Appellation nouvelle en 1958, « Maison de l'Enfance» et création en 1995 de «la Maison de la Petite Enfance» dans les pavillons le long du Bd de Metz. Décentralisation et Humanisation en 1980 et un nouveau phénoméne, l'accueil de jeunes étrangers en situation irrégulière.
L'Etablissement s'appelle maintenant E.P.D.S.A.E (Etablissement Public Départemental de Soins, d'Adaptation et d'Education)L'Ecole des Bateliers et Forains est construite en 1959, reconstruite en 1980 pour la scolarisation des enfants non sédentaires.

vendredi 5 juin 2015

De très beaux documents sur le cinéma de Trelon !!


Voici une très très belle photo du personnel du cinéma de Trélon, le Caméo, auparavant, le Trélonia ! cette photo et les renseignements ci-dessous sont issus du blog http://chris59132.canalblog.com/  et tenu par Chrisnord. Un grand merci à lui s'il me lit pour cette trouvaille mis à disposition aux internautes et que je relaie ici sur ce blog consacré aux salles de cinéma de la région. 

Voici ce que Chrsinord raconte concernant ce cinéma : 

Jusqu'en 1990 Hervé Février fut le dernier exploitant d'une salle de cinéma à Trélon qui s'appelait le Caméo. C'est grâce à lui que je peux vous proposer aujourd'hui deux cartes-photo exceptionnelles. Celles-ci nous confirment l’existence ancienne de ce cinéma qui portait alors le nom de «Trélonia» comme l'indique l'affiche située derrière les personnages. Toujours grâce à cette affiche j'ai pu retrouver l'année précise de ces cartes-photo grâce au titre du  film qui est à l'affiche : «Pour l'honneur de sa race (1919) ». Ce fut ensuite un jeu d'enfant pour retrouver la date de projection après avoir consulté les calendriers des années qui suivaient , sachant que le film était projeté un mardi 13 juin. Pas de doute possible, cette prise de vue date de 1922.

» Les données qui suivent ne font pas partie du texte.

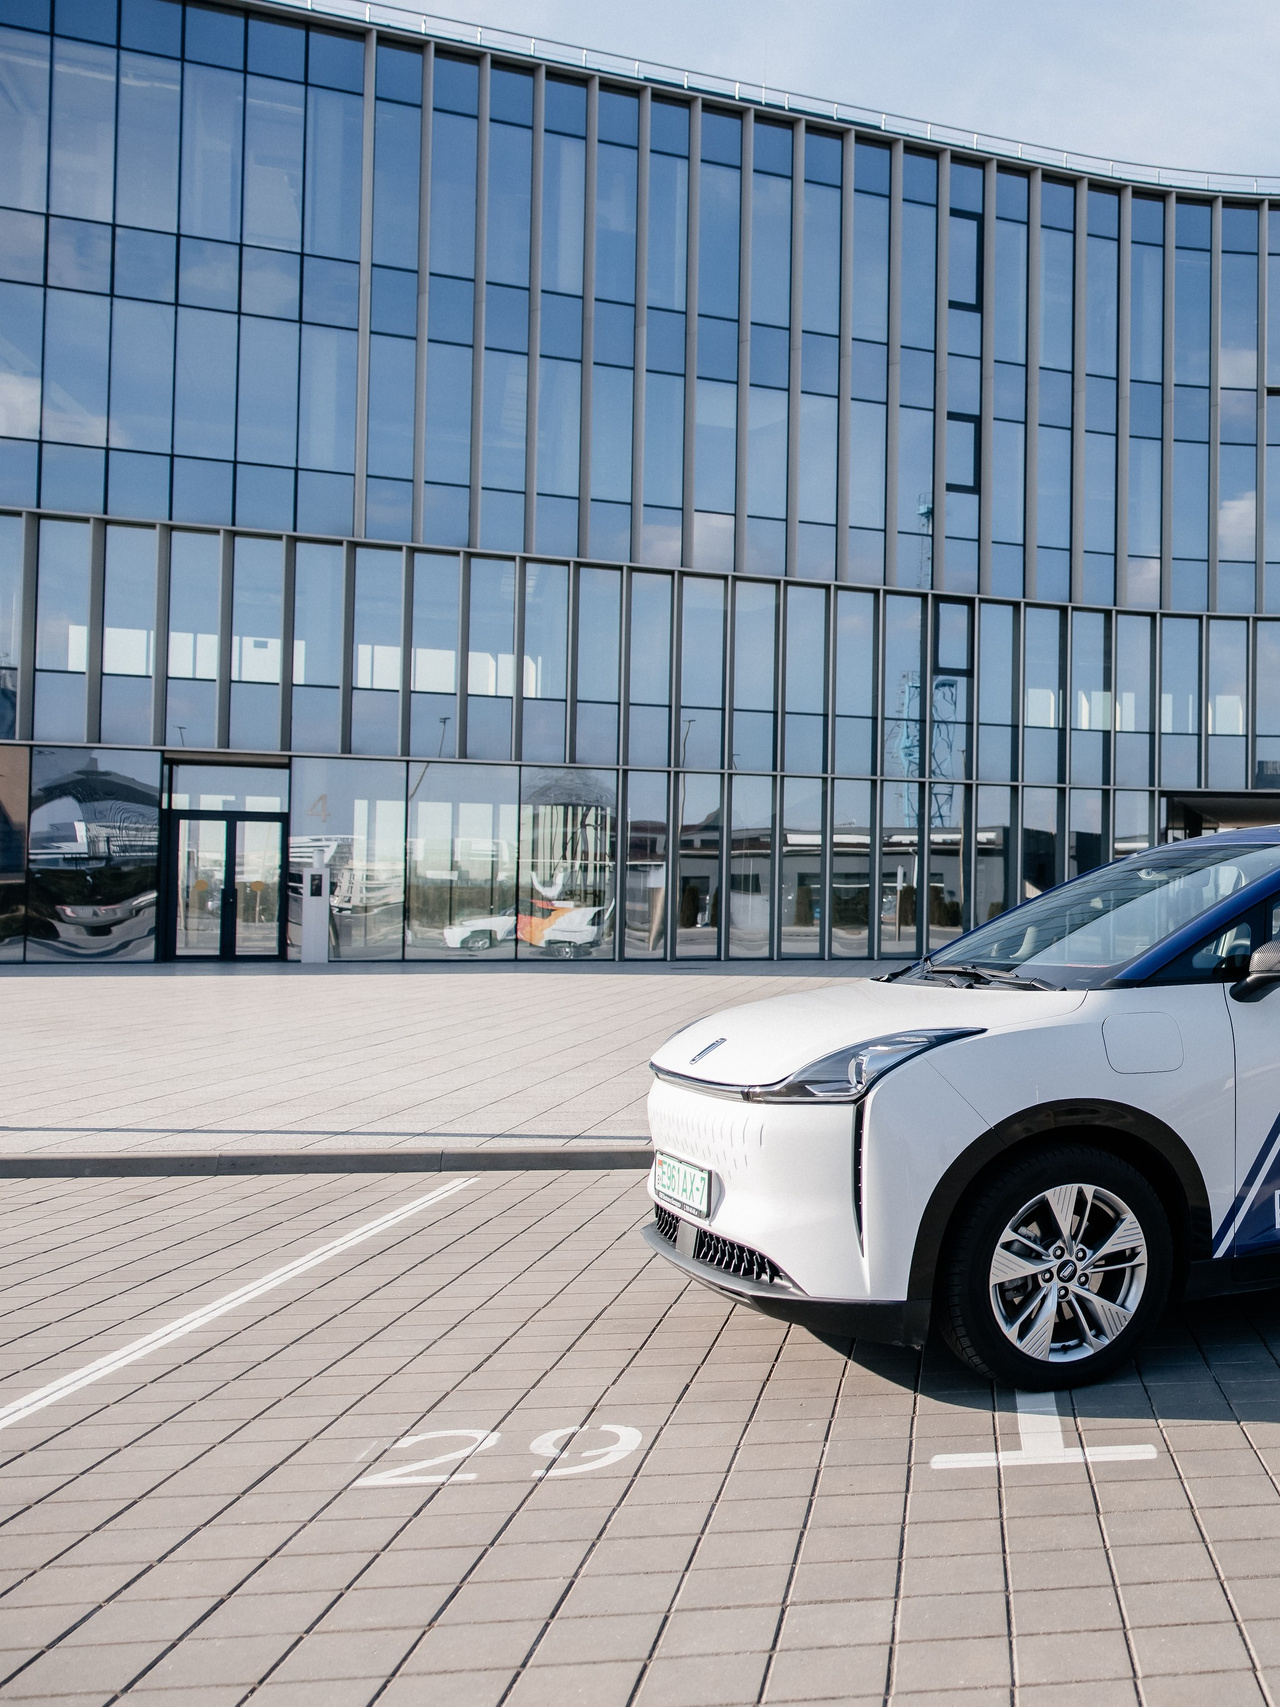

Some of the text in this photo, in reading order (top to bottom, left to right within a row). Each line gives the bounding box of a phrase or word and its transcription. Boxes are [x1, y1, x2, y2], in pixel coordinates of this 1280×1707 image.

[306, 793, 331, 823] 4
[661, 1159, 706, 1206] E961AX-7
[352, 1424, 643, 1486] 29

Parmi  les 6 personnes qui constituent sans doute l'équipe de ce cinéma, Hervé Février m'a indiqué que sa Grand-mère (debout à droite) fait partie des personnages présents. On peut également découvrir le projectionniste qui tient une bobine de film. Au centre une autre femme. (Assis à gauche) on reconnaît le violoniste chargé de donner une animation sonore à ce film muet. A ses côtés on peut penser qu'il s'agit du jeune et très élégant exploitant en compagnie de sa charmante épouse. 

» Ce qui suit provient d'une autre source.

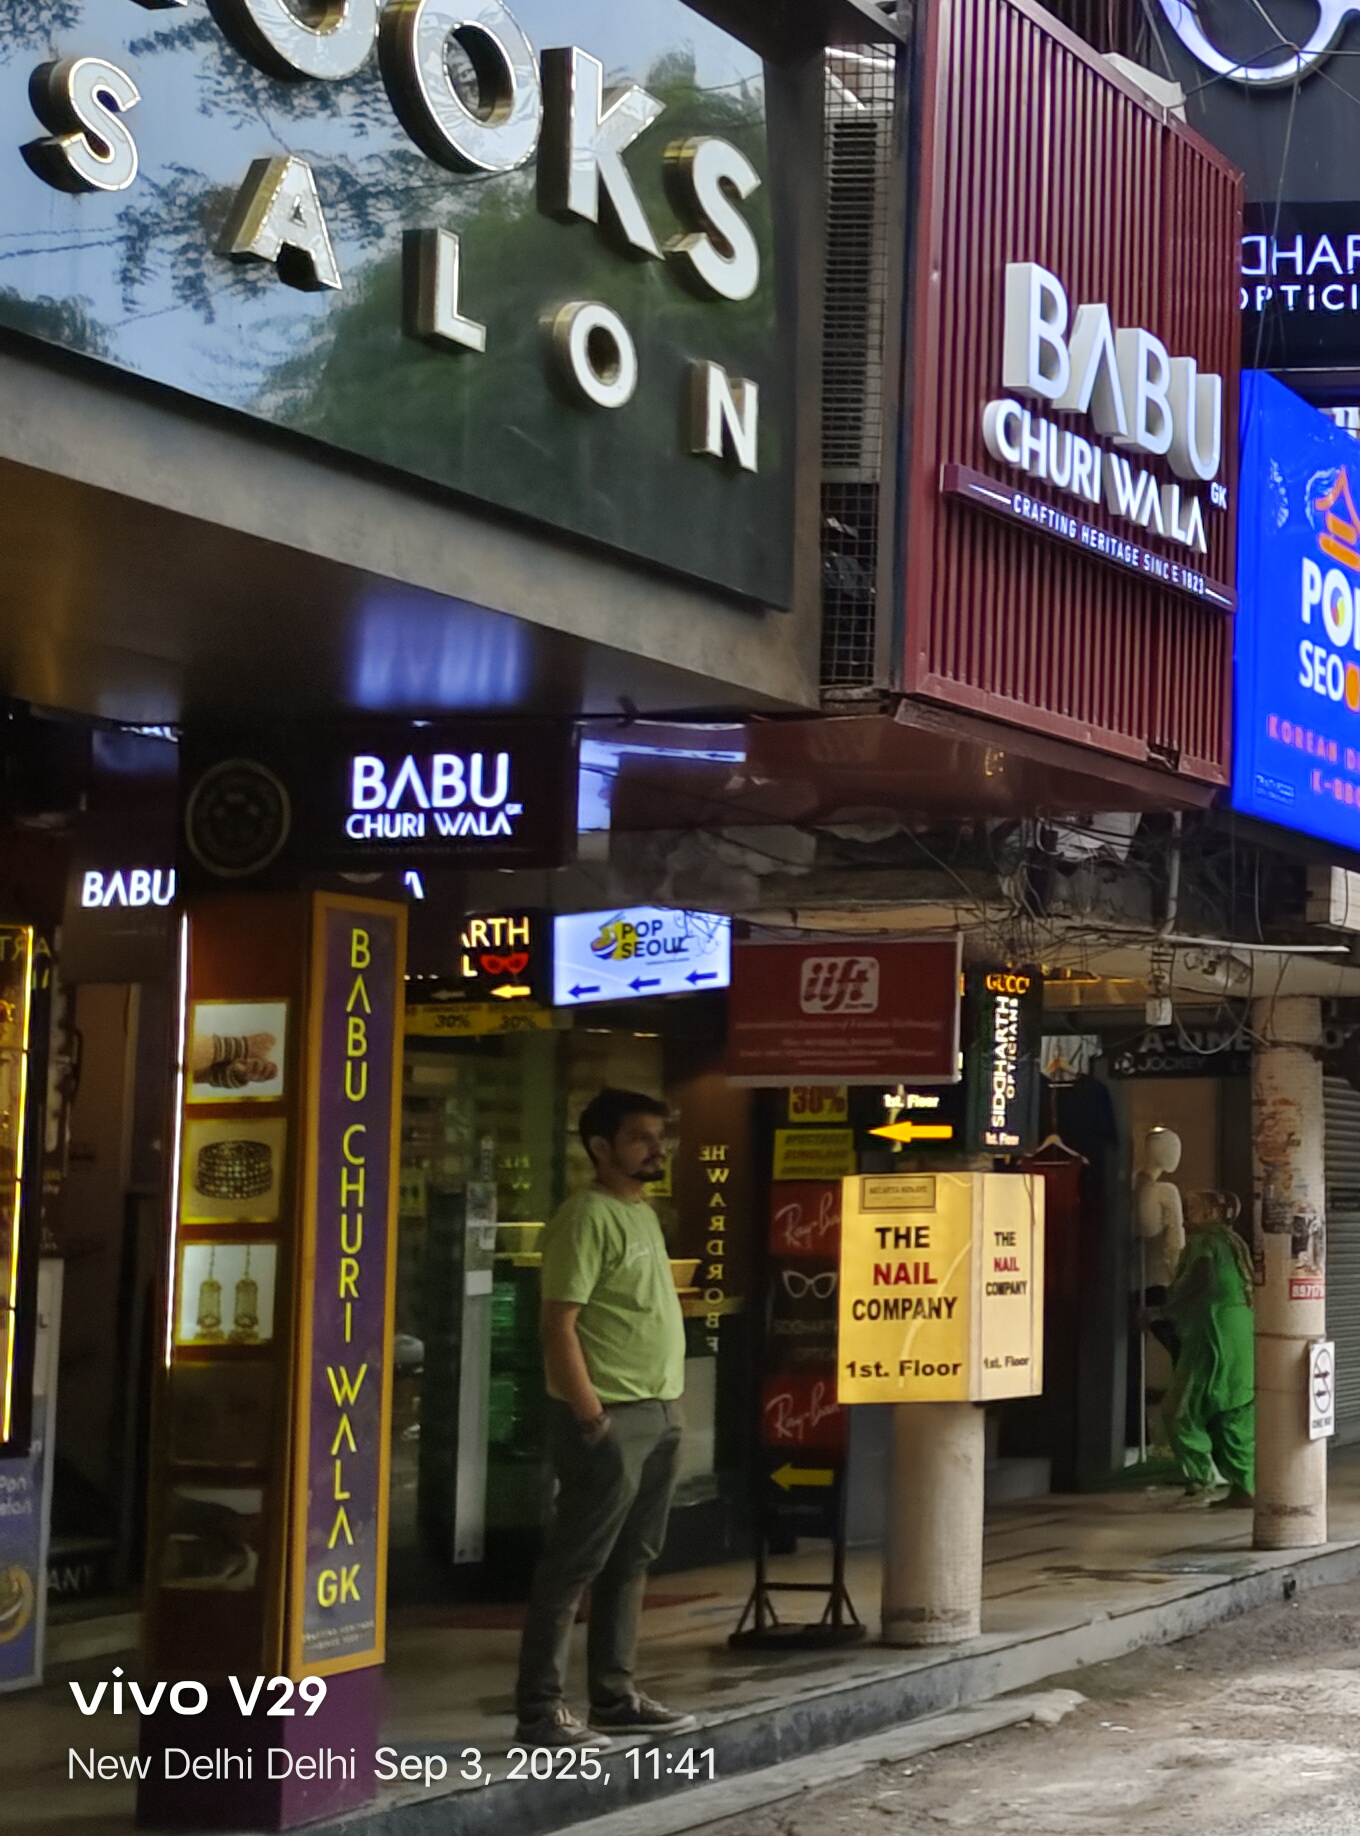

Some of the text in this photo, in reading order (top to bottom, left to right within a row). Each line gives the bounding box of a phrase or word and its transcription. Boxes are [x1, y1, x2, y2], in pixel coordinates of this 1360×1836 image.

[130, 0, 763, 301] OKS
[19, 57, 760, 473] SALON
[1004, 262, 1221, 480] BABU
[982, 399, 1228, 554] CHURI WALA GK
[1013, 494, 1076, 539] CRAFTING
[1081, 525, 1139, 566] HERITAGE
[1144, 554, 1179, 582] SINCE
[1267, 714, 1338, 764] KOREAN
[351, 752, 509, 811] BABU
[346, 812, 425, 839] CHURI
[434, 811, 512, 837] WALA
[82, 869, 175, 907] BABU
[622, 920, 663, 940] POP
[622, 937, 688, 958] SEOUL
[344, 928, 373, 1102] BABU
[338, 1124, 367, 1343] CHURI
[775, 1192, 841, 1249] Ray-Ba
[875, 1226, 930, 1250] THE
[994, 1231, 1016, 1247] THE
[873, 1262, 938, 1286] NAIL
[994, 1257, 1020, 1272] NAIL
[852, 1297, 958, 1321] COMPANY
[985, 1280, 1027, 1297] COMPANY
[845, 1361, 962, 1378] 1st. Floor
[1004, 1354, 1030, 1369] Floor
[326, 1363, 368, 1550] WALA
[317, 1564, 361, 1608] GK

Cette salle de trelon a déjà été évoqué sur ce blog : http://cinemasdunord.blogspot.fr/search/label/Trelon

Mais le blog de Chrisnord donne aussi de nouvelles photos de cette salle. Les voici accompagnées du texte de Chrisnord. Bravo à lui pour montrer les vestiges de ce qu'il reste de l'exploitation cinématographique de cette commune. 

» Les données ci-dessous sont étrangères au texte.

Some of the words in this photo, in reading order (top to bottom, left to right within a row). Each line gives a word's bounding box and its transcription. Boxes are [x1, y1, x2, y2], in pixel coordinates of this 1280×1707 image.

Notre cher cinéma Caméo, abandonné depuis 20 ans était certes voué à terme à la démolition, mais encore debout il était en sursis. Hélas il n'a pas résisté à l'usure du temps et cet hiver lui a été fatal. Il va donc disparaître totalement. Les Trélonnais resteront longtemps nostalgiques de cette salle qui fut témoin de leurs émotions, fous rires et parfois larmes mais aussi de leurs premiers élans amoureux. J'ai pris ces photos aujourd'hui par devoir de mémoire, car bientôt il ne restera plus rien.
Cet ancien atelier de menuiserie a été transformé en salle de cinéma à l'époque des films muets dans les années vingt. On raconte que c'est Mademoiselle Edouardine Sauvage (elle tenait une mercerie à proximité) qui improvisait l'accompagnement des films au piano.




Une partie de la toiture s'est effondrée


Ci-dessus l'accueil tel qu'il était à l'arrêt de l'exploitation.  On peut voir le tarif affiché avec le prix des places à cette époque (en francs). C'est Henri Février qui reprit ce cinéma en 1946. Son fils Hervé  poursuivit cette activité de 1967 jusqu'en 1990, date d'arrêt définitive.